A highlight is Hemingway's descriptions of the characters' more physical moments. An early encounter between Jake and Brett uses the image of a dark gate as possible foreshadowing of a conflict-filled trip, but more importantly, opens up an opportunity for Brett to show her affection: "We turned off the Avenue up the Rue des Pyramides, through the traffic of the Rue de Rivoli, and through a dark gate into the Tuileries. She cuddled against me and I put my arm around her. She looked up to be kissed. She touched me with one hand and I put her hand away." (8) The reader sees how the characters' relationships build through their actions, which delivers more excitement when they finally do get what they want.** The fight between Jake and Robert is a less happy, but equally riveting, moment. (100) It is the only truly sad part of the book, as Robert soon reflects that Jake is his "only friend". (102)

The dialogue is short, fast, clipped and snappy, with very few tags. A lack of dialogue tags increases the book's pace, making it feel more lifelike in a conversational setting, at the occasional expense of knowing who is talking if there are more than two characters present. Hemingway's dialogue (see extended passages on pages 64, 77 and 96, for example) is one of The Sun Also Rises's best features. It rivals William Faulkner's, and the general style is a huge influence on my own novel about 20-somethings.

Hemingway frequently violates the usually-but-not-always-true maxim of "show, don't tell". Robert Sawyer explains why he prefers showing to telling here:
Why is showing better? Two reasons. First, it creates mental pictures for the reader.
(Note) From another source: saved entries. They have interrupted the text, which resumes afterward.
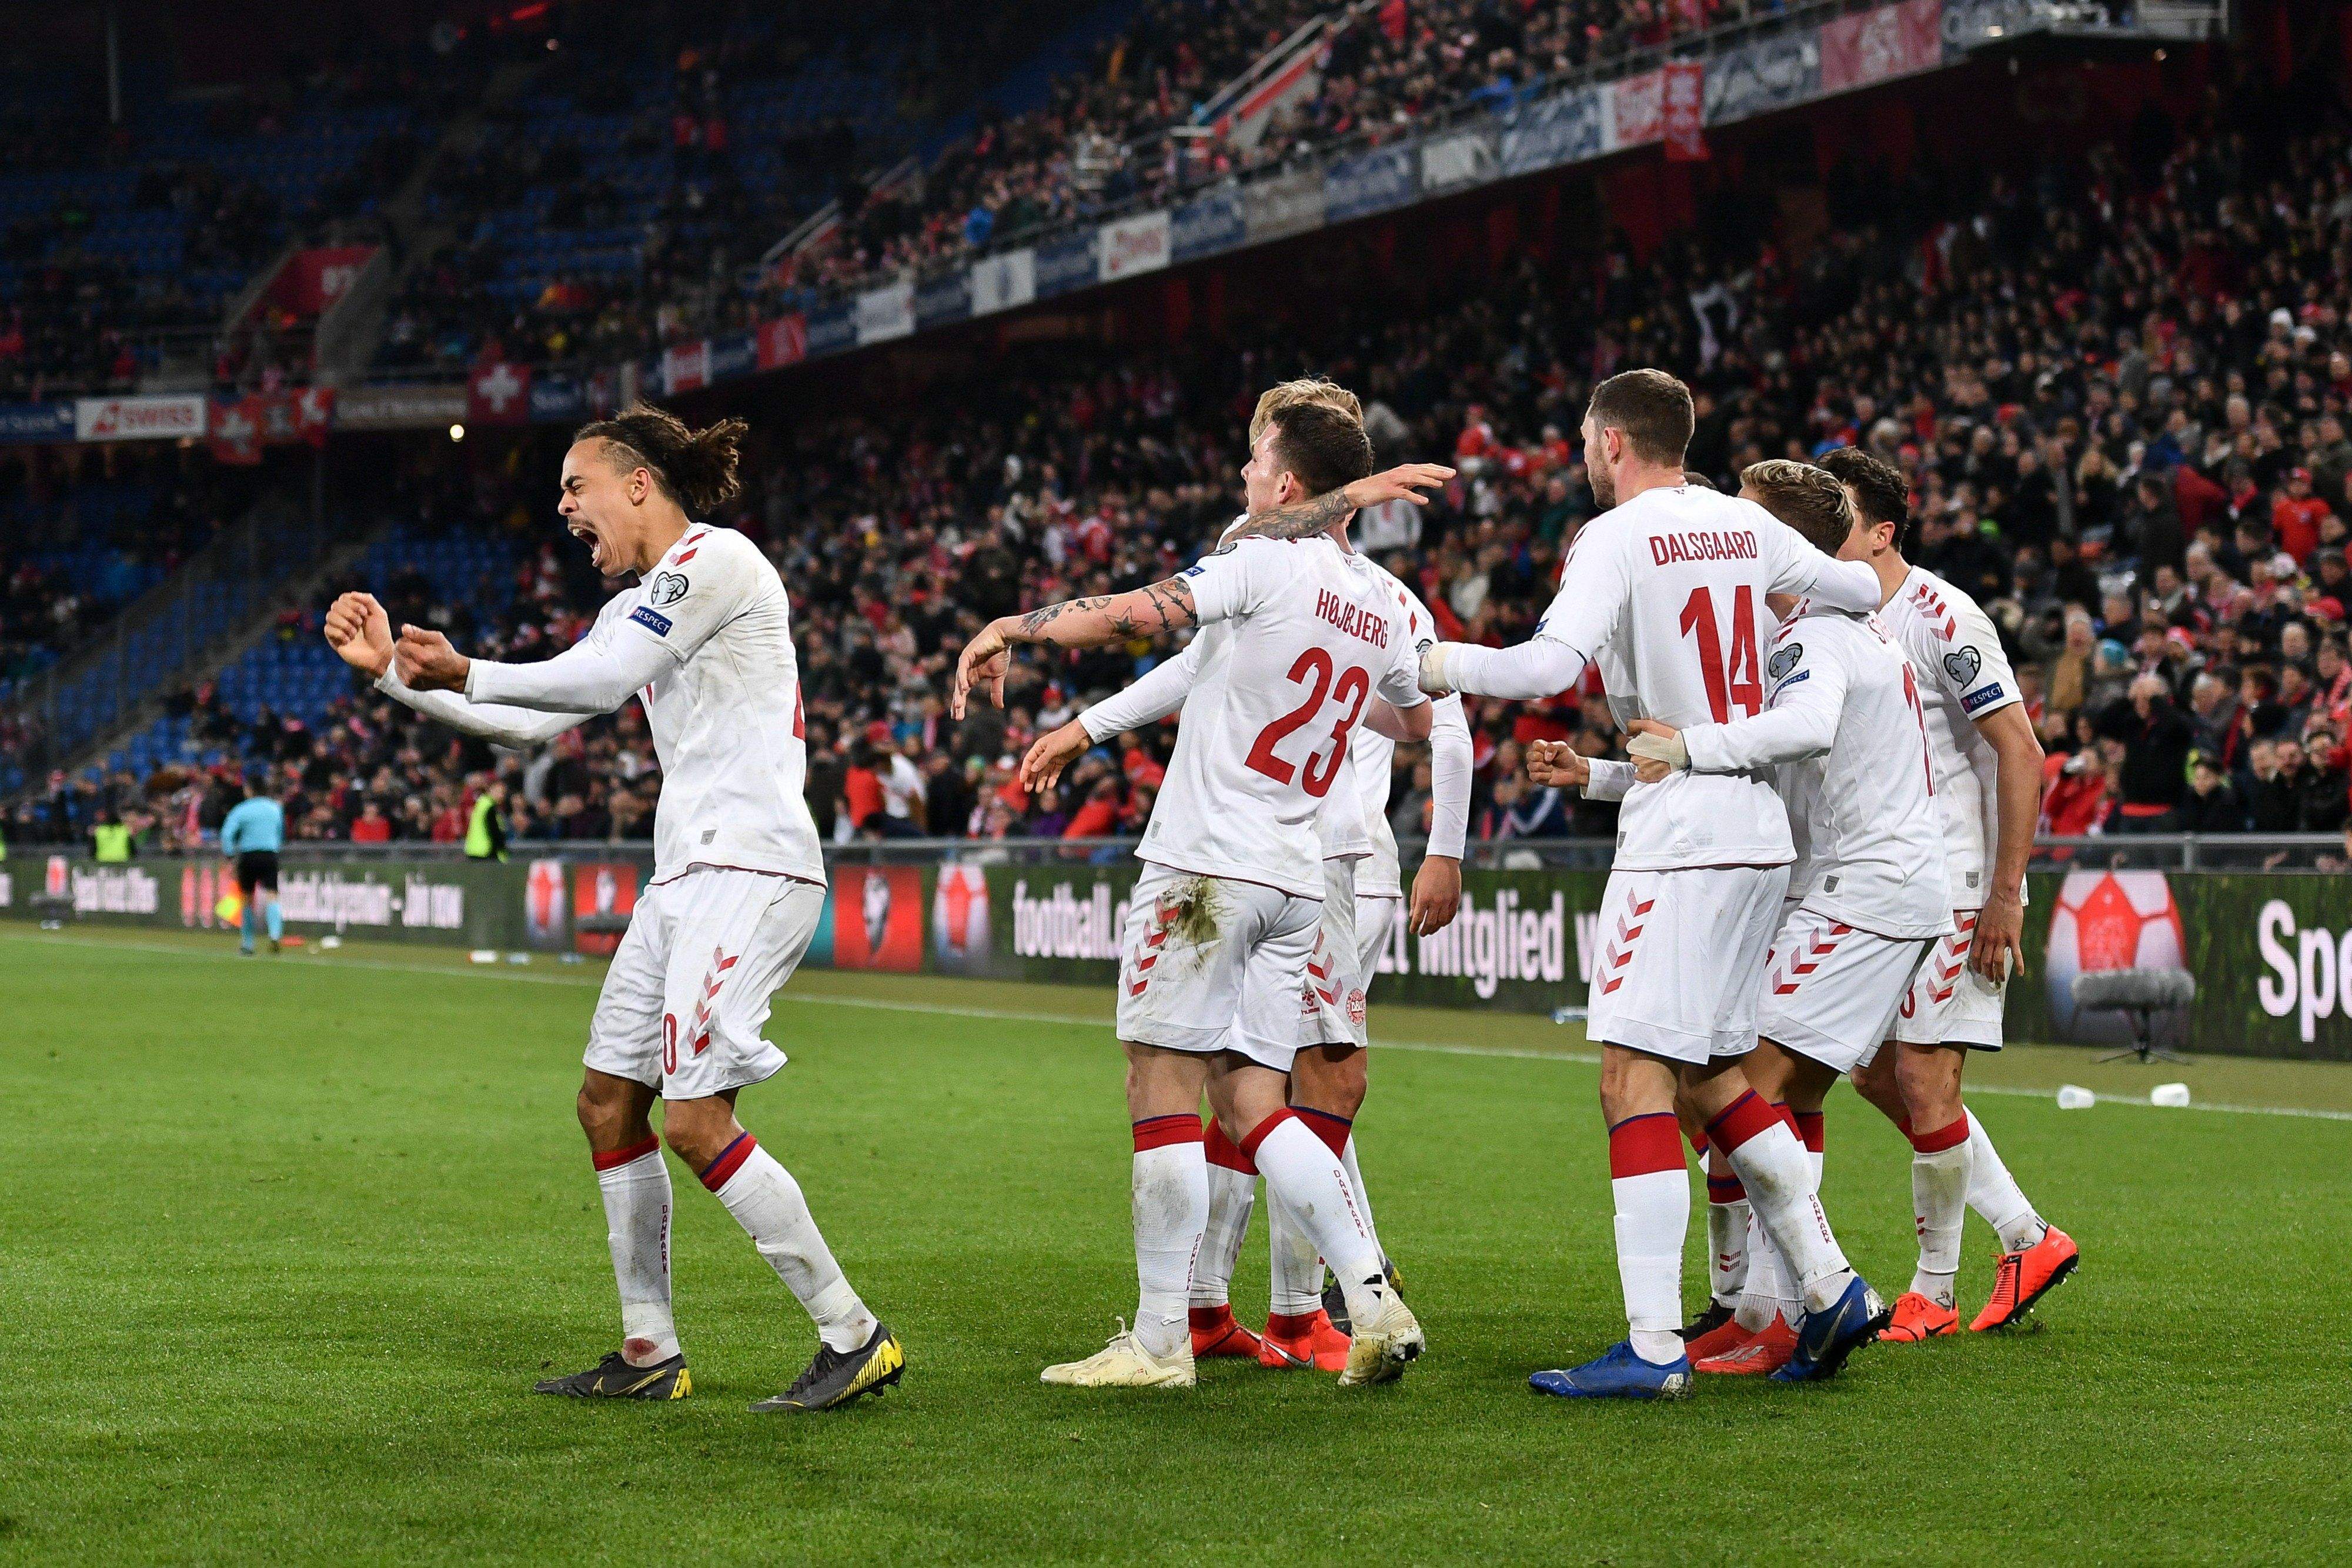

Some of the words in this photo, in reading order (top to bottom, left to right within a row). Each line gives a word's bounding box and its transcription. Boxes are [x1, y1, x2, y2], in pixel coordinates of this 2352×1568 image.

[1649, 530, 1758, 567] DALSGAARD
[634, 609, 670, 632] RESPECT
[1315, 587, 1388, 650] HØJBJERG
[1679, 584, 1763, 725] 14
[1244, 647, 1370, 798] 23
[1969, 686, 2002, 706] RESPECT
[1333, 1169, 1368, 1239] DANMARK
[1809, 1193, 1832, 1244] DANMARK
[660, 1204, 669, 1275] DANMARK
When reviewers use terms like "vivid," "evocative," or "cinematic" to describe a piece of prose, they really mean the writer has succeeded at showing, rather than merely telling.
Second, showing is interactive and participatory: it forces the reader to become involved in the story, deducing facts (such as Mary's age) for himself or herself, rather than just taking information in passively. [emphasis mine]
Hemingway writes such non-vivid statements as "But the effort of talking American seemed to have tired him" (57) and "Then after a while it was better and I lay in bed and listened to the heavy trams go by and way down the street, and then I went to sleep" (17). The reader never sees the man's eyes droop or hears the screech of wheels on tracks, but that is no problem. Hemingway shows when it makes the setting come alive and tells when it is perfectly fine to trust Jake's admittedly usually drunk judgment. There are many more of Jake's offhand observations throughout the book, even during longer paragraphs, few of which create the evocatic imagery of the settings. Ironically, Hemingway's later essay Death in the Afternoon, which also discusses bullfighting in Spain, is largely seen as one of the greatest examples of "show, don't tell" of all time.
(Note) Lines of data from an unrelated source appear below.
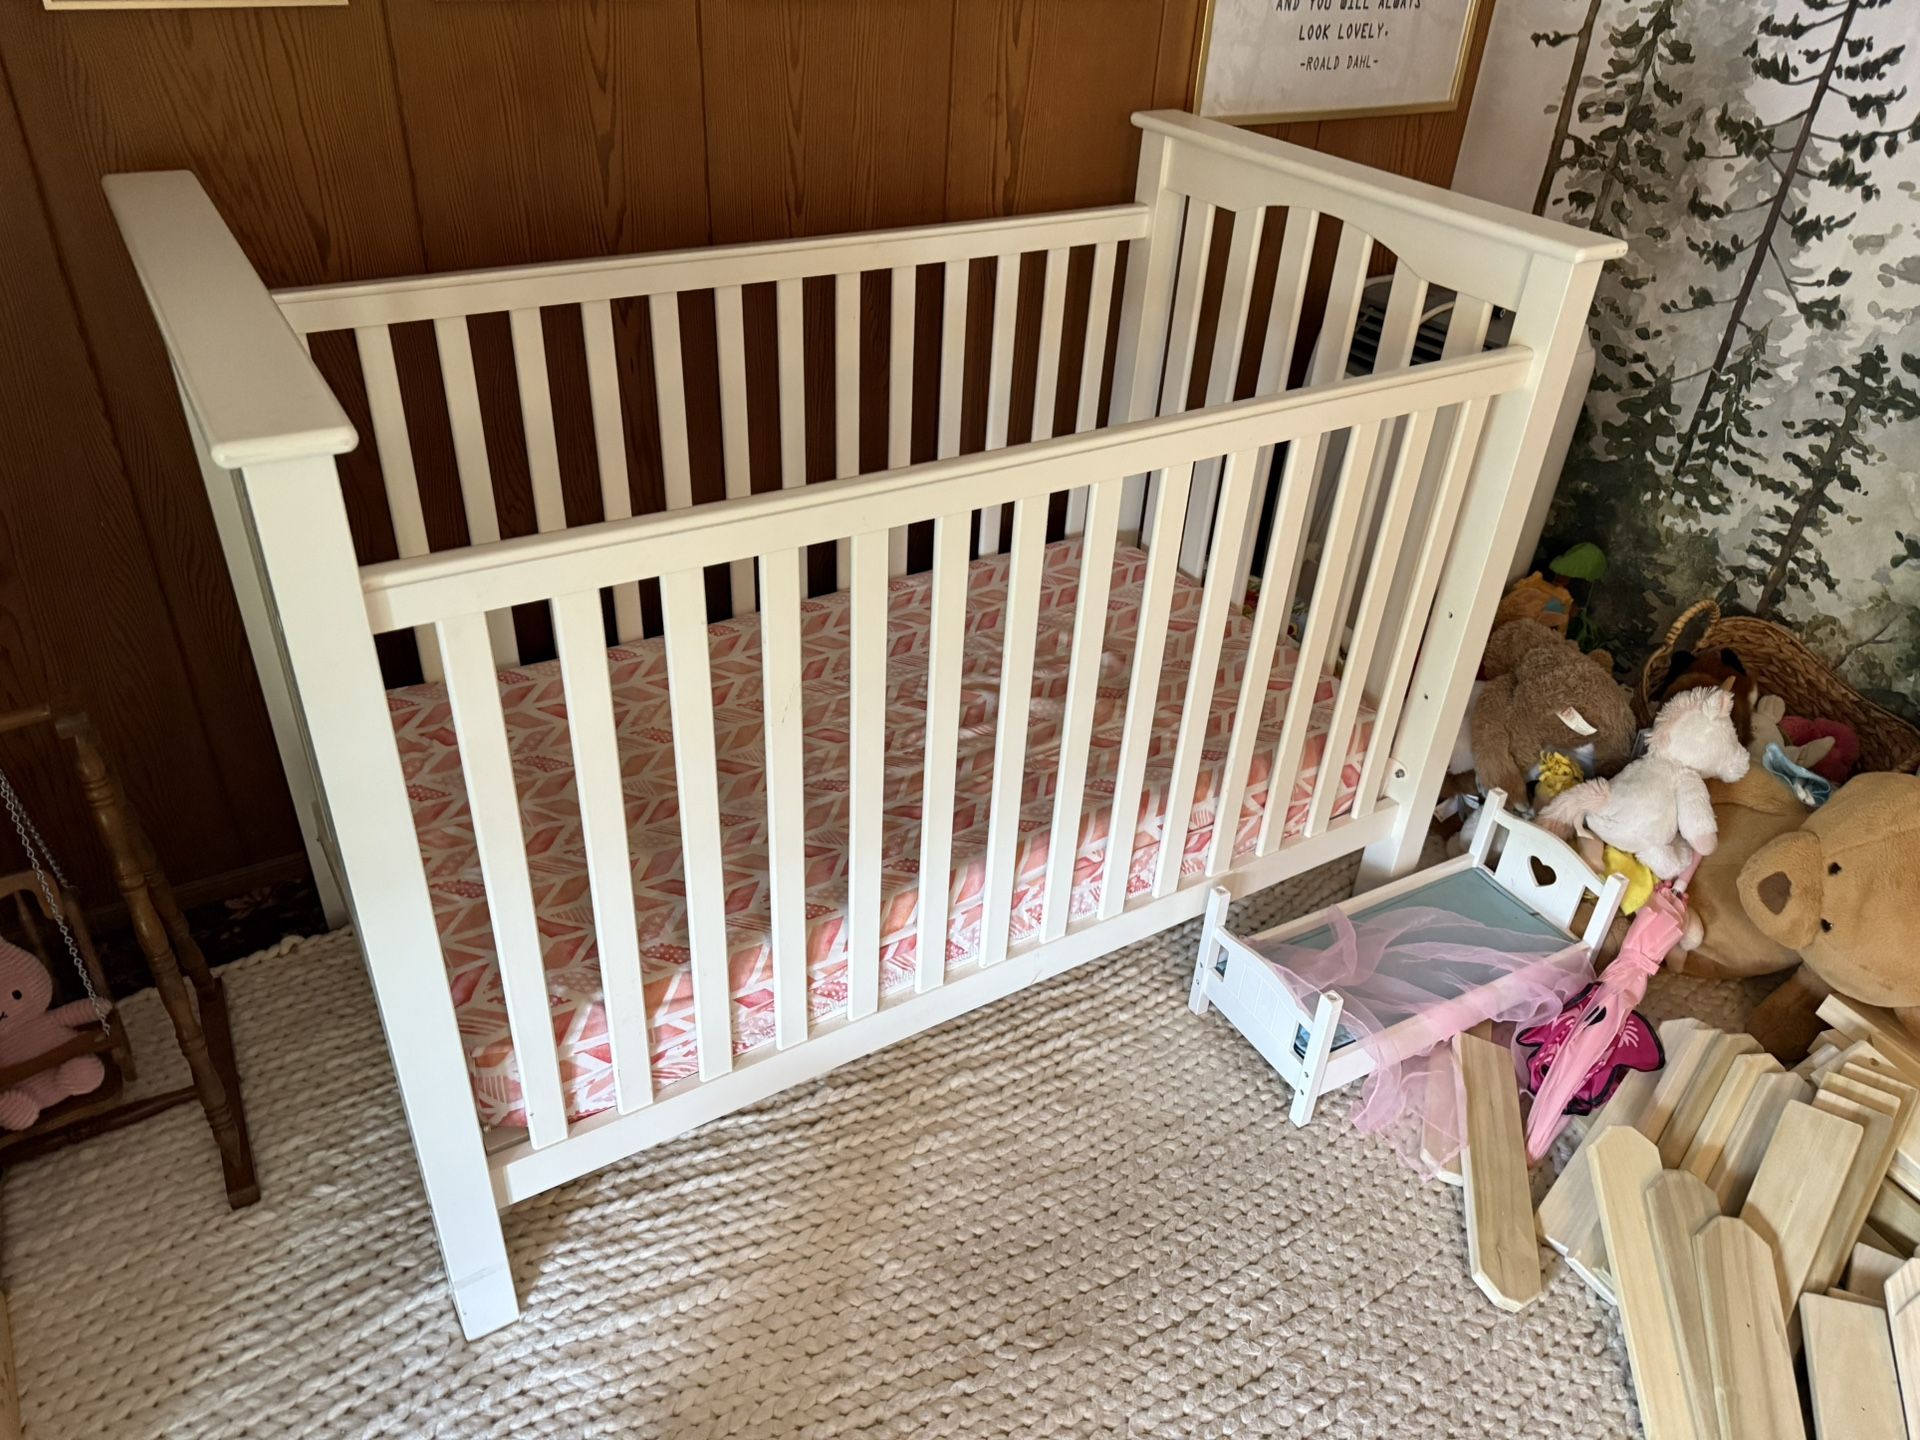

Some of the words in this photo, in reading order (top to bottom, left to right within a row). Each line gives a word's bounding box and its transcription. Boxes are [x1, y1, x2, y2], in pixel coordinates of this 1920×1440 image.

[1276, 0, 1300, 11] AND
[1310, 0, 1331, 10] YOU
[1339, 0, 1369, 10] WILL
[1378, 0, 1421, 10] ALWAYS
[1299, 24, 1331, 41] LOOK
[1338, 22, 1389, 40] LOVELY.
[1300, 56, 1340, 71] -ROALD
[1347, 54, 1379, 69] DAHL-
NOTE: As can be expected of a book released in 1926, The Sun Also Rises contains some 1920s slang. Many of these have caught on in the North American slang canon, such as drawing out the word "ab-so-lute-ly". Among the key terms in The Sun Also Rises is one I never hear anymore: "tight", meaning drunk. "Tight" appears 32 times in the book, albeit not all in that context, and "drunk" appears another 59 times. At the 130-page figure my ebook has, that is almost 0.7 instances per page. Ah, to be an American in Paris in the 1920s...

Ease of Reading: 9
Educational Content: 2

*As with many of these frequently reviewed books, I discuss my experience reading it, as well as any point that discusses how the book displays the craft of writing. In many cases, all the literary criticism has already been said, such as a teacher assigning parts of three Hemingway novels, including The Sun Also Rises, in the eighth grade.

**Brett gets her wish on page 14: "Brett's face was white and the long line of her neck showed in the bright light of the flares. The street was dark again and I kissed her." Again, the contrast between the white flares and the dark street is what makes this scene magical.